→ Task statement
Please restate the entries verbatim. The copy should hold no pictures.

====== Given data

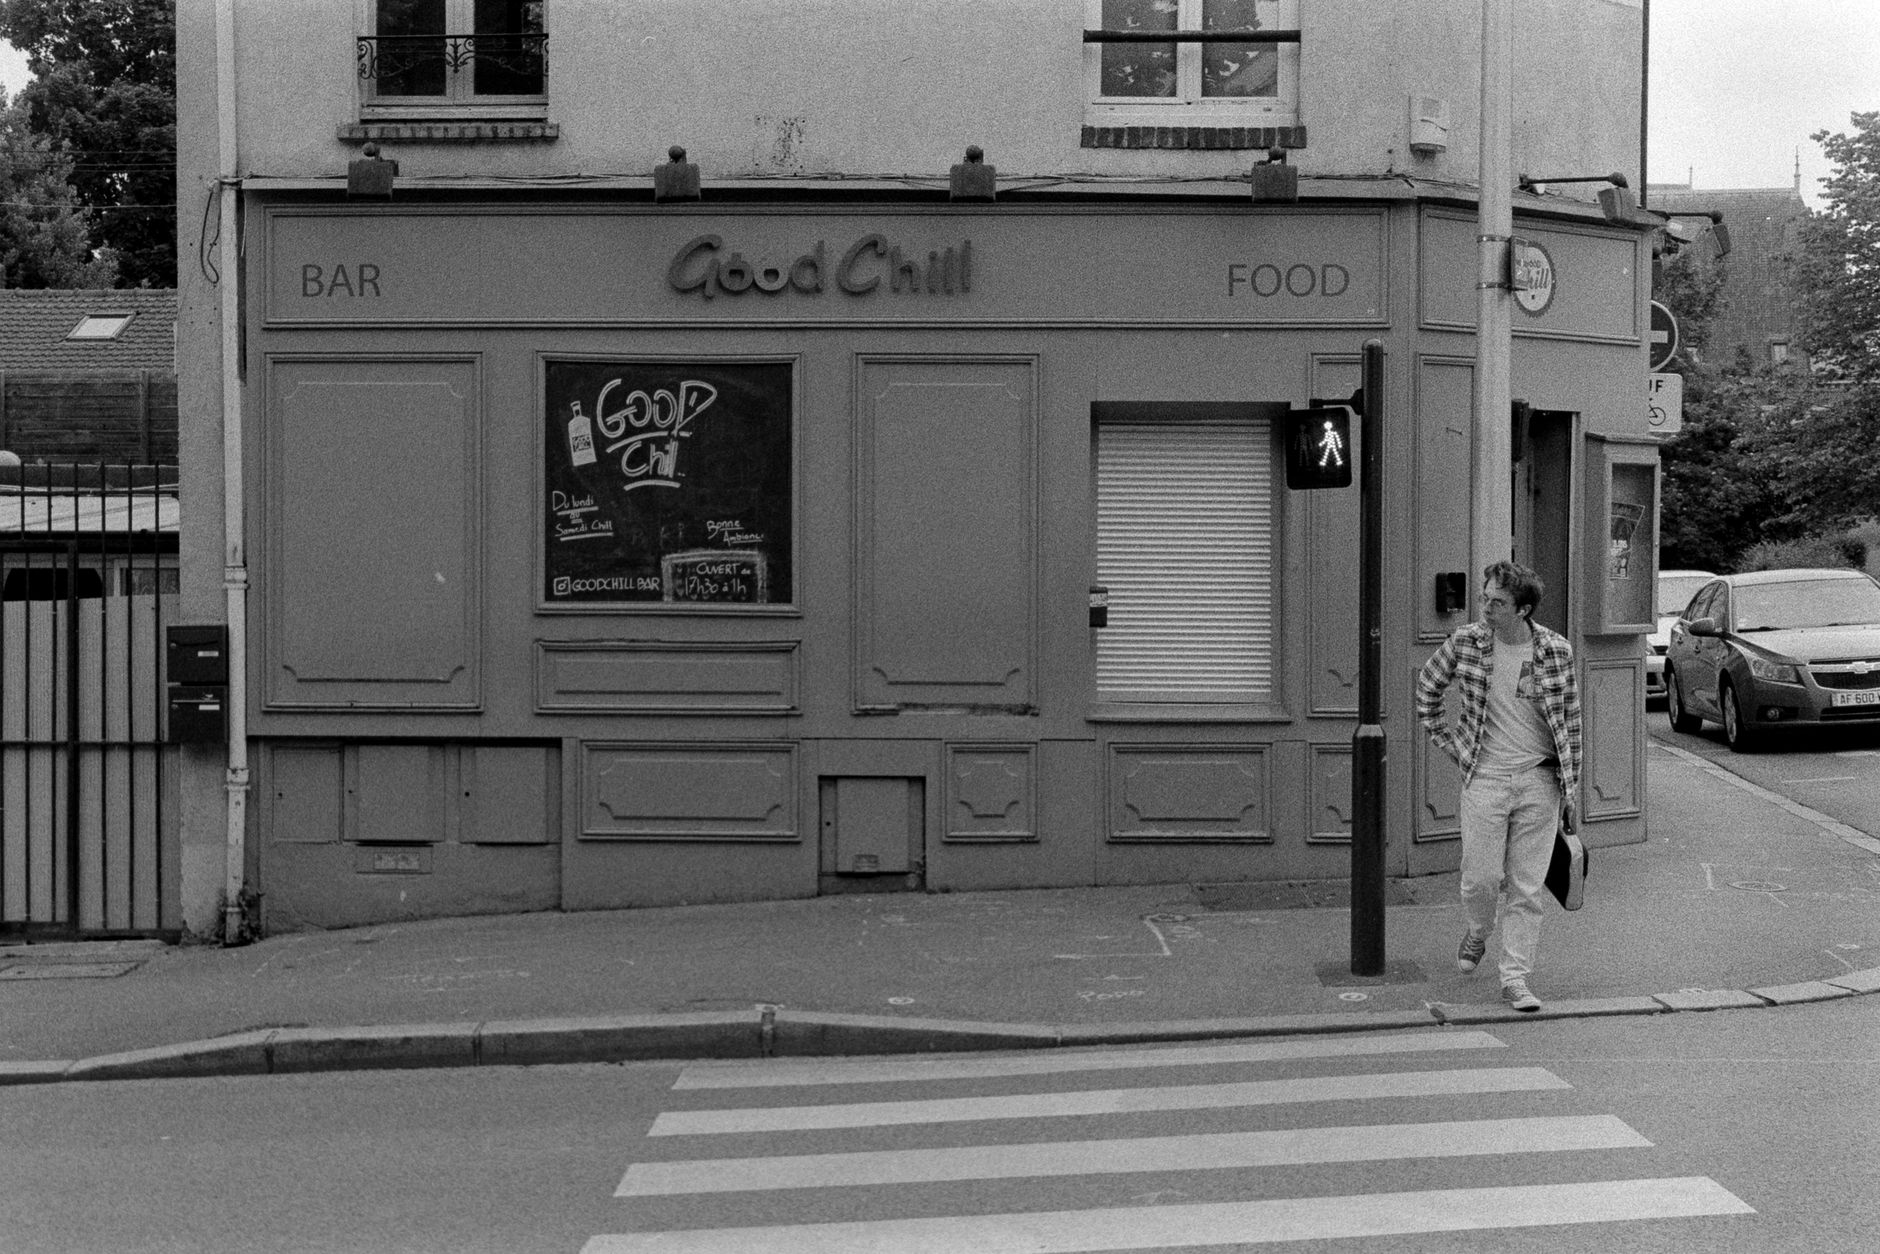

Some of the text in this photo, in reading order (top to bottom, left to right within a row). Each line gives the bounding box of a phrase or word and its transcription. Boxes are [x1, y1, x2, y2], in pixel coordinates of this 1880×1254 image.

[301, 263, 381, 298] BAR
[667, 232, 971, 301] Good Chill
[1228, 263, 1350, 298] FOOD
[552, 490, 594, 511] Du lundi
[696, 562, 741, 575] OUVERT

============

→ Response
Some of the text in this photo, in reading order (top to bottom, left to right within a row). Each line gives the bounding box of a phrase or word and its transcription. Boxes are [x1, y1, x2, y2], in pixel coordinates of this 1880×1254 image.

[301, 263, 381, 298] BAR
[667, 232, 971, 301] Good Chill
[1228, 263, 1350, 298] FOOD
[552, 490, 594, 511] Du lundi
[696, 562, 741, 575] OUVERT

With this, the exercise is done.